◆ **ASSIGNED TASK**: Exactly as they stand, write out all of the entries again.

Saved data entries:
.....

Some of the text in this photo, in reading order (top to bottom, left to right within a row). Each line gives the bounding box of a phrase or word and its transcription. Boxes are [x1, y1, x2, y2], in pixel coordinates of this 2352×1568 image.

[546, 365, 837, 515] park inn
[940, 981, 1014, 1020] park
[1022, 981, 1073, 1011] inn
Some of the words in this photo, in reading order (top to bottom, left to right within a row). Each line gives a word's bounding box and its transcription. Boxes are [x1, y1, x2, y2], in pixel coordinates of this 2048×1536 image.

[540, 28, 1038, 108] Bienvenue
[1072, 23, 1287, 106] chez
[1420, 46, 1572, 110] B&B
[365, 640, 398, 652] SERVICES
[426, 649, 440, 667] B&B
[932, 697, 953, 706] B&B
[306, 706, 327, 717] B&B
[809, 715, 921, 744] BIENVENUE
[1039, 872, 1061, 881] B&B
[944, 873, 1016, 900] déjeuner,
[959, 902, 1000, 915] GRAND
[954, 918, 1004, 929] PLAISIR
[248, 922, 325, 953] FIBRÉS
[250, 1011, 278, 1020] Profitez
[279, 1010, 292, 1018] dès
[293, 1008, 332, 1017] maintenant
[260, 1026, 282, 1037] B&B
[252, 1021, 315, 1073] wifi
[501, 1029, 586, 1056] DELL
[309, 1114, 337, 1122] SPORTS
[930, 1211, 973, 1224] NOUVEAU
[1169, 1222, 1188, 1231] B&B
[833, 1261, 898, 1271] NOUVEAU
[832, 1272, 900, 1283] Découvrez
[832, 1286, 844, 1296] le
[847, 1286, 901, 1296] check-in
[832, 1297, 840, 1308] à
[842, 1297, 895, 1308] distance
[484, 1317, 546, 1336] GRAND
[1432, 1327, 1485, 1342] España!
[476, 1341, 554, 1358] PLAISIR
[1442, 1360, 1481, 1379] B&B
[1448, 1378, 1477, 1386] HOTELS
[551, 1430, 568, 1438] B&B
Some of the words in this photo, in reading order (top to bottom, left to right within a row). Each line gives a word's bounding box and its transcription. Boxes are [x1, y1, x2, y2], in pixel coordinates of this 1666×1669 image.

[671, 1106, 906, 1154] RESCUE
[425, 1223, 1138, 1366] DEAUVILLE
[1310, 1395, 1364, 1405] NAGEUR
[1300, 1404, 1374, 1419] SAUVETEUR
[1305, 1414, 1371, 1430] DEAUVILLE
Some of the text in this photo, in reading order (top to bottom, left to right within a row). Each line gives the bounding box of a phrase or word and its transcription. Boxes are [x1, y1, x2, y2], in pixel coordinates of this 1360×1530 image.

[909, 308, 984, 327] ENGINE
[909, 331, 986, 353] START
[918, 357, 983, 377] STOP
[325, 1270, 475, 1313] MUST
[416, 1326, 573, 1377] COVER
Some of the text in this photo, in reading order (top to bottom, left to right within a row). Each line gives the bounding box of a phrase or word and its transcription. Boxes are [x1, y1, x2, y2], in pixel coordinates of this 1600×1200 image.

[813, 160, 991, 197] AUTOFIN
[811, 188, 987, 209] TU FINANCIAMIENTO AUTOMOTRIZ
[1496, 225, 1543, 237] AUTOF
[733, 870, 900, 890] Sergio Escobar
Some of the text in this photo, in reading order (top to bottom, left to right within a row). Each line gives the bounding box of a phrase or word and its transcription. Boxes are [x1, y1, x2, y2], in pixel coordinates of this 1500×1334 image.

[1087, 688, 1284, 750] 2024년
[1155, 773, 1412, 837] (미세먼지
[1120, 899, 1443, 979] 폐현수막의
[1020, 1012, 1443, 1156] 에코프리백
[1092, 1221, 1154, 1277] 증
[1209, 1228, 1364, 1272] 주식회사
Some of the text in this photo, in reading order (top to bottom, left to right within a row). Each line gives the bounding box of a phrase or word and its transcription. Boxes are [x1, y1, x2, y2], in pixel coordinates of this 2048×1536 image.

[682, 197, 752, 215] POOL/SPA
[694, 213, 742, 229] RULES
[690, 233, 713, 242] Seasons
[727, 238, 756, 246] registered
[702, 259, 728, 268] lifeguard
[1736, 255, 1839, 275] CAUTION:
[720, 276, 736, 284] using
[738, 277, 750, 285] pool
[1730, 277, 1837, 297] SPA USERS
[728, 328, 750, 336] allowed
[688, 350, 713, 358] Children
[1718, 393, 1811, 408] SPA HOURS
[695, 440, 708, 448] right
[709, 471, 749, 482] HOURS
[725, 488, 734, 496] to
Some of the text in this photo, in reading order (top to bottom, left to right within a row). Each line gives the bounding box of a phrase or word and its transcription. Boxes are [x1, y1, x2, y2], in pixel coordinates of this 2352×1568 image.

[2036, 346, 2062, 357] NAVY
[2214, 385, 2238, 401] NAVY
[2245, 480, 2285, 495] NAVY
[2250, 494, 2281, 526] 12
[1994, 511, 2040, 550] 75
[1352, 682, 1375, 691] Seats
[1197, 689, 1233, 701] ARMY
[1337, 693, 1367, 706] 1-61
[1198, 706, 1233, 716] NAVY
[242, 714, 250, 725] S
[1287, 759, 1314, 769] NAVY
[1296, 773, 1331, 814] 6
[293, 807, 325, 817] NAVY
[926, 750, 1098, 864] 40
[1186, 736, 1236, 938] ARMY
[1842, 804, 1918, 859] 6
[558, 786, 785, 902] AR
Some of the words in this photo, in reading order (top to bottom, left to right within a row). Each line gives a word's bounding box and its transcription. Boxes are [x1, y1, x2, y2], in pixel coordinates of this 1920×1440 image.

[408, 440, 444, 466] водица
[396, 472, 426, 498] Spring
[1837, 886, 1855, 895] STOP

.....

◆ **OUTPUT**:
Some of the text in this photo, in reading order (top to bottom, left to right within a row). Each line gives the bounding box of a phrase or word and its transcription. Boxes are [x1, y1, x2, y2], in pixel coordinates of this 2352×1568 image.

[546, 365, 837, 515] park inn
[940, 981, 1014, 1020] park
[1022, 981, 1073, 1011] inn
Some of the words in this photo, in reading order (top to bottom, left to right within a row). Each line gives a word's bounding box and its transcription. Boxes are [x1, y1, x2, y2], in pixel coordinates of this 2048×1536 image.

[540, 28, 1038, 108] Bienvenue
[1072, 23, 1287, 106] chez
[1420, 46, 1572, 110] B&B
[365, 640, 398, 652] SERVICES
[426, 649, 440, 667] B&B
[932, 697, 953, 706] B&B
[306, 706, 327, 717] B&B
[809, 715, 921, 744] BIENVENUE
[1039, 872, 1061, 881] B&B
[944, 873, 1016, 900] déjeuner,
[959, 902, 1000, 915] GRAND
[954, 918, 1004, 929] PLAISIR
[248, 922, 325, 953] FIBRÉS
[250, 1011, 278, 1020] Profitez
[279, 1010, 292, 1018] dès
[293, 1008, 332, 1017] maintenant
[260, 1026, 282, 1037] B&B
[252, 1021, 315, 1073] wifi
[501, 1029, 586, 1056] DELL
[309, 1114, 337, 1122] SPORTS
[930, 1211, 973, 1224] NOUVEAU
[1169, 1222, 1188, 1231] B&B
[833, 1261, 898, 1271] NOUVEAU
[832, 1272, 900, 1283] Découvrez
[832, 1286, 844, 1296] le
[847, 1286, 901, 1296] check-in
[832, 1297, 840, 1308] à
[842, 1297, 895, 1308] distance
[484, 1317, 546, 1336] GRAND
[1432, 1327, 1485, 1342] España!
[476, 1341, 554, 1358] PLAISIR
[1442, 1360, 1481, 1379] B&B
[1448, 1378, 1477, 1386] HOTELS
[551, 1430, 568, 1438] B&B
Some of the words in this photo, in reading order (top to bottom, left to right within a row). Each line gives a word's bounding box and its transcription. Boxes are [x1, y1, x2, y2], in pixel coordinates of this 1666×1669 image.

[671, 1106, 906, 1154] RESCUE
[425, 1223, 1138, 1366] DEAUVILLE
[1310, 1395, 1364, 1405] NAGEUR
[1300, 1404, 1374, 1419] SAUVETEUR
[1305, 1414, 1371, 1430] DEAUVILLE
Some of the text in this photo, in reading order (top to bottom, left to right within a row). Each line gives the bounding box of a phrase or word and its transcription. Boxes are [x1, y1, x2, y2], in pixel coordinates of this 1360×1530 image.

[909, 308, 984, 327] ENGINE
[909, 331, 986, 353] START
[918, 357, 983, 377] STOP
[325, 1270, 475, 1313] MUST
[416, 1326, 573, 1377] COVER
Some of the text in this photo, in reading order (top to bottom, left to right within a row). Each line gives the bounding box of a phrase or word and its transcription. Boxes are [x1, y1, x2, y2], in pixel coordinates of this 1600×1200 image.

[813, 160, 991, 197] AUTOFIN
[811, 188, 987, 209] TU FINANCIAMIENTO AUTOMOTRIZ
[1496, 225, 1543, 237] AUTOF
[733, 870, 900, 890] Sergio Escobar
Some of the text in this photo, in reading order (top to bottom, left to right within a row). Each line gives the bounding box of a phrase or word and its transcription. Boxes are [x1, y1, x2, y2], in pixel coordinates of this 1500×1334 image.

[1087, 688, 1284, 750] 2024년
[1155, 773, 1412, 837] (미세먼지
[1120, 899, 1443, 979] 폐현수막의
[1020, 1012, 1443, 1156] 에코프리백
[1092, 1221, 1154, 1277] 증
[1209, 1228, 1364, 1272] 주식회사
Some of the text in this photo, in reading order (top to bottom, left to right within a row). Each line gives the bounding box of a phrase or word and its transcription. Boxes are [x1, y1, x2, y2], in pixel coordinates of this 2048×1536 image.

[682, 197, 752, 215] POOL/SPA
[694, 213, 742, 229] RULES
[690, 233, 713, 242] Seasons
[727, 238, 756, 246] registered
[702, 259, 728, 268] lifeguard
[1736, 255, 1839, 275] CAUTION:
[720, 276, 736, 284] using
[738, 277, 750, 285] pool
[1730, 277, 1837, 297] SPA USERS
[728, 328, 750, 336] allowed
[688, 350, 713, 358] Children
[1718, 393, 1811, 408] SPA HOURS
[695, 440, 708, 448] right
[709, 471, 749, 482] HOURS
[725, 488, 734, 496] to
Some of the text in this photo, in reading order (top to bottom, left to right within a row). Each line gives the bounding box of a phrase or word and its transcription. Boxes are [x1, y1, x2, y2], in pixel coordinates of this 2352×1568 image.

[2036, 346, 2062, 357] NAVY
[2214, 385, 2238, 401] NAVY
[2245, 480, 2285, 495] NAVY
[2250, 494, 2281, 526] 12
[1994, 511, 2040, 550] 75
[1352, 682, 1375, 691] Seats
[1197, 689, 1233, 701] ARMY
[1337, 693, 1367, 706] 1-61
[1198, 706, 1233, 716] NAVY
[242, 714, 250, 725] S
[1287, 759, 1314, 769] NAVY
[1296, 773, 1331, 814] 6
[293, 807, 325, 817] NAVY
[926, 750, 1098, 864] 40
[1186, 736, 1236, 938] ARMY
[1842, 804, 1918, 859] 6
[558, 786, 785, 902] AR
Some of the words in this photo, in reading order (top to bottom, left to right within a row). Each line gives a word's bounding box and its transcription. Boxes are [x1, y1, x2, y2], in pixel coordinates of this 1920×1440 image.

[408, 440, 444, 466] водица
[396, 472, 426, 498] Spring
[1837, 886, 1855, 895] STOP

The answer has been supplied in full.